Durante la Prima Guerra Mondiale i soldati Kanak si ritrovarono a combattere una guerra che non li riguardava affatto. Oltre a ciò, i colonialisti francesi si impossessarono di ancora più terra per soddisfare il crescente bisogno di rifornimenti (i Kanak furono costretti a trasferirsi nelle zone di riserva dell’isola, più vicine alle montagne, occupando solo il 10% della superficie dei loro territori ancestrali, mentre la loro popolazione era diminuita drasticamente a causa delle malattie e delle loro condizioni di vita che erano diventate molto dure). Nel 1917 fu organizzata una guerriglia attorno alla figura di Noël, capo della tribù Tiamou. Questa è stata sconfitta dopo un anno. Anche Noël fu decapitato e una sessantina di altri ribelli furono condannati. Dopo questa nuova rivolta, i coloni francesi tentarono un nuovo approccio. L’obiettivo era quello di formare una “élite repubblicana Kanak” che potesse corrompere lo spirito di resistenza dall’interno.

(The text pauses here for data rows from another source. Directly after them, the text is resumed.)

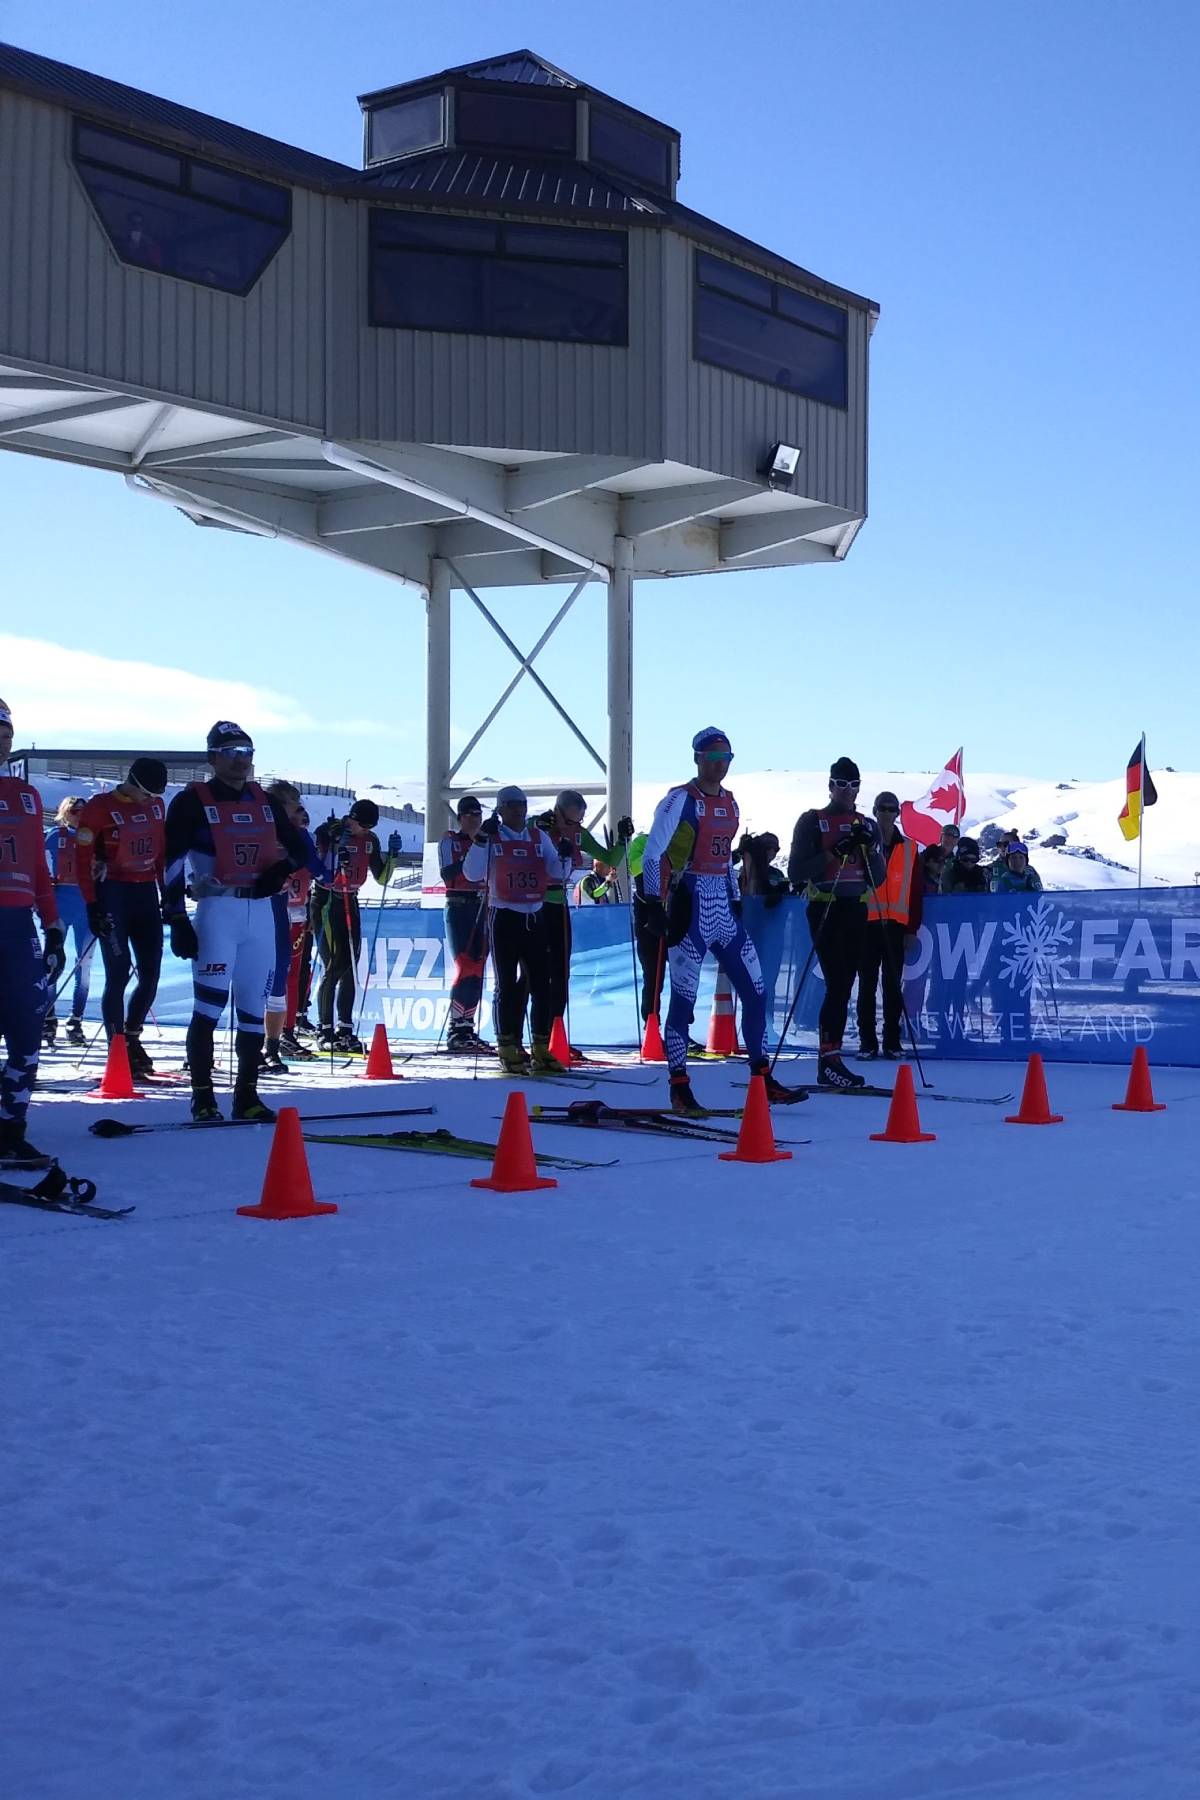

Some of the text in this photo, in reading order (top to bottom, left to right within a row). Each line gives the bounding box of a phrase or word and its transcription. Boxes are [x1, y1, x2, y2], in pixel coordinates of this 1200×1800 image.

[128, 837, 153, 857] 102
[234, 843, 260, 867] 57
[711, 836, 730, 857] 53
[506, 872, 538, 889] 135
[902, 922, 997, 981] OW
[900, 1011, 1155, 1043] NEW ZEALAND
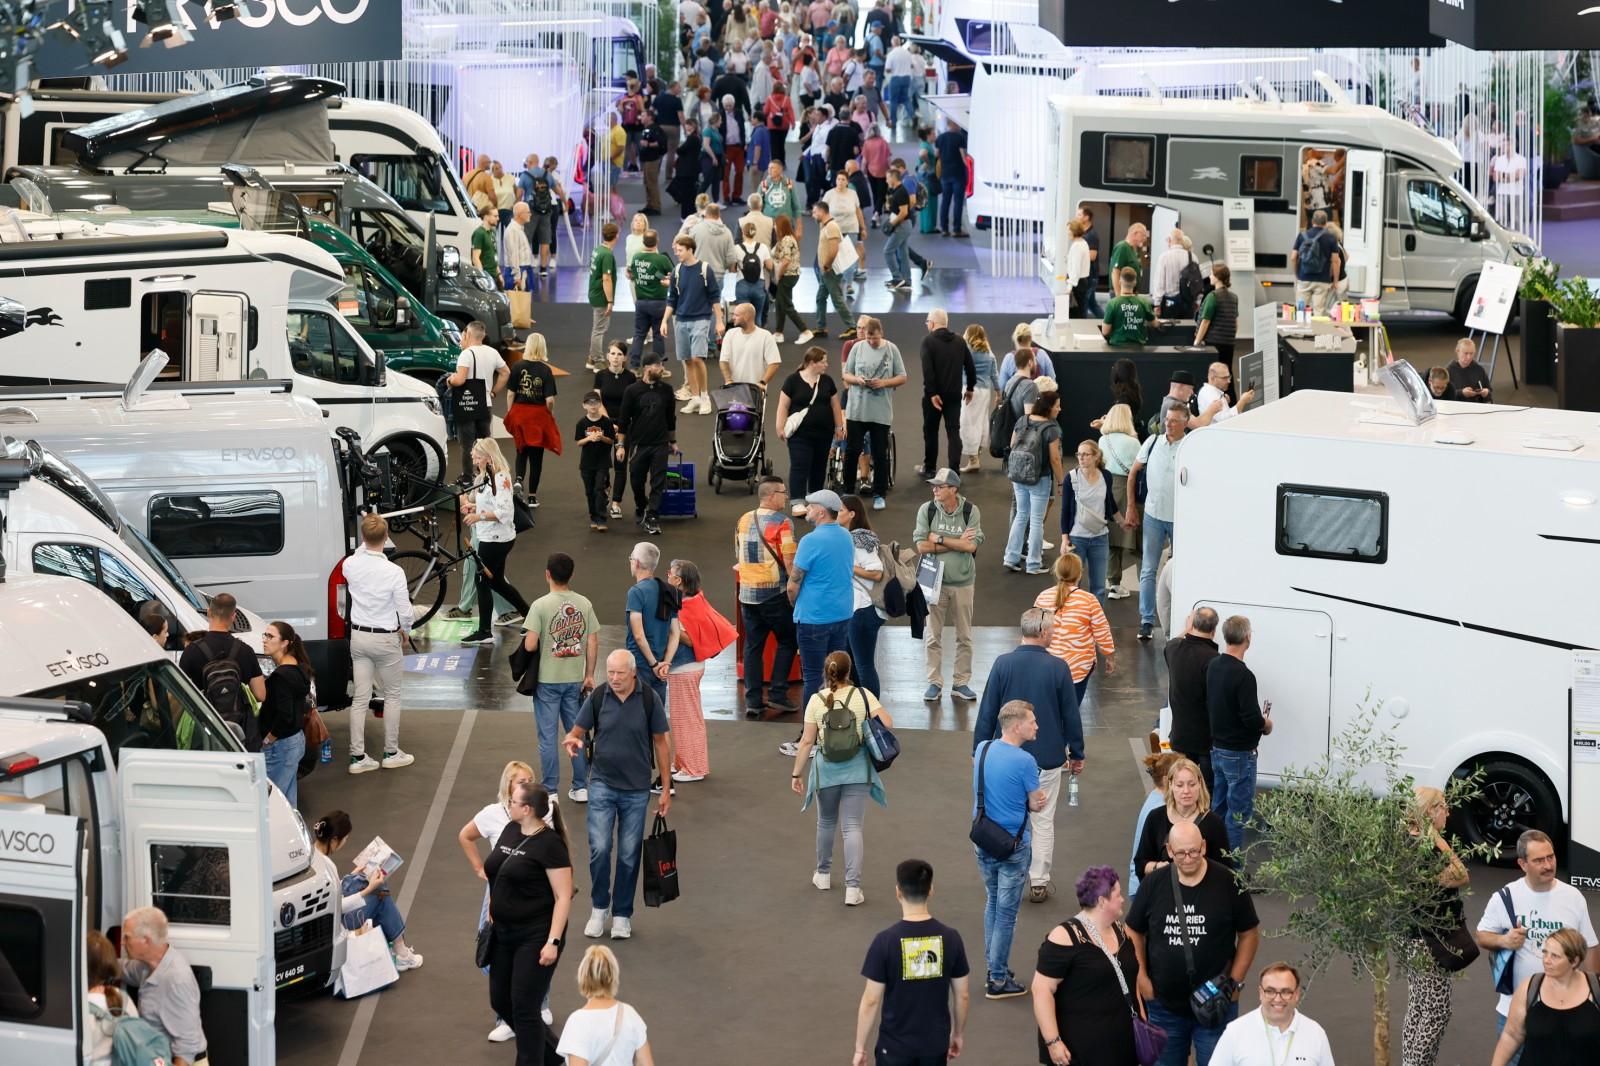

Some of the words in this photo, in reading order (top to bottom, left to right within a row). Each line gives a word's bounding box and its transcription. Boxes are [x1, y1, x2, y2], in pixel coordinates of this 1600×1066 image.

[634, 260, 651, 268] Enjoy
[1121, 303, 1139, 311] Enjoy
[221, 447, 296, 462] ETRVSCO
[0, 829, 55, 854] VSCO
[1165, 914, 1206, 924] MARIED
[1516, 912, 1563, 930] Urban
[1163, 926, 1182, 935] AND
[1526, 928, 1553, 941] Class
[1168, 937, 1200, 946] HAPY
[275, 971, 285, 982] CV
[284, 967, 296, 978] 640
[296, 964, 305, 974] SB

Nel 1931, i Kanak furono esposti come se fossero animali all’Esposizione Coloniale di Parigi. Dopo la seconda guerra mondiale lo status della Nuova Caledonia cambiò. Ufficialmente non fu più considerata una colonia e ai Kanak fu concessa la nazionalità francese. La popolazione indigena ottenne il diritto di voto nel 1957. La Nuova Caledonia divenne il terzo produttore mondiale di nichel e le autorità francesi incoraggiarono l’insediamento di cittadini francesi nel territorio. Questo afflusso di coloni ha aumentato la popolazione del 20% nella prima metà degli anni ’70. Allo stesso tempo, si stavano sviluppando idee indipendentiste, aprendo la strada a una nuova era di rivolte anticoloniali negli anni ’80: quelle che la Francia arrivò a chiamare “les évènements”.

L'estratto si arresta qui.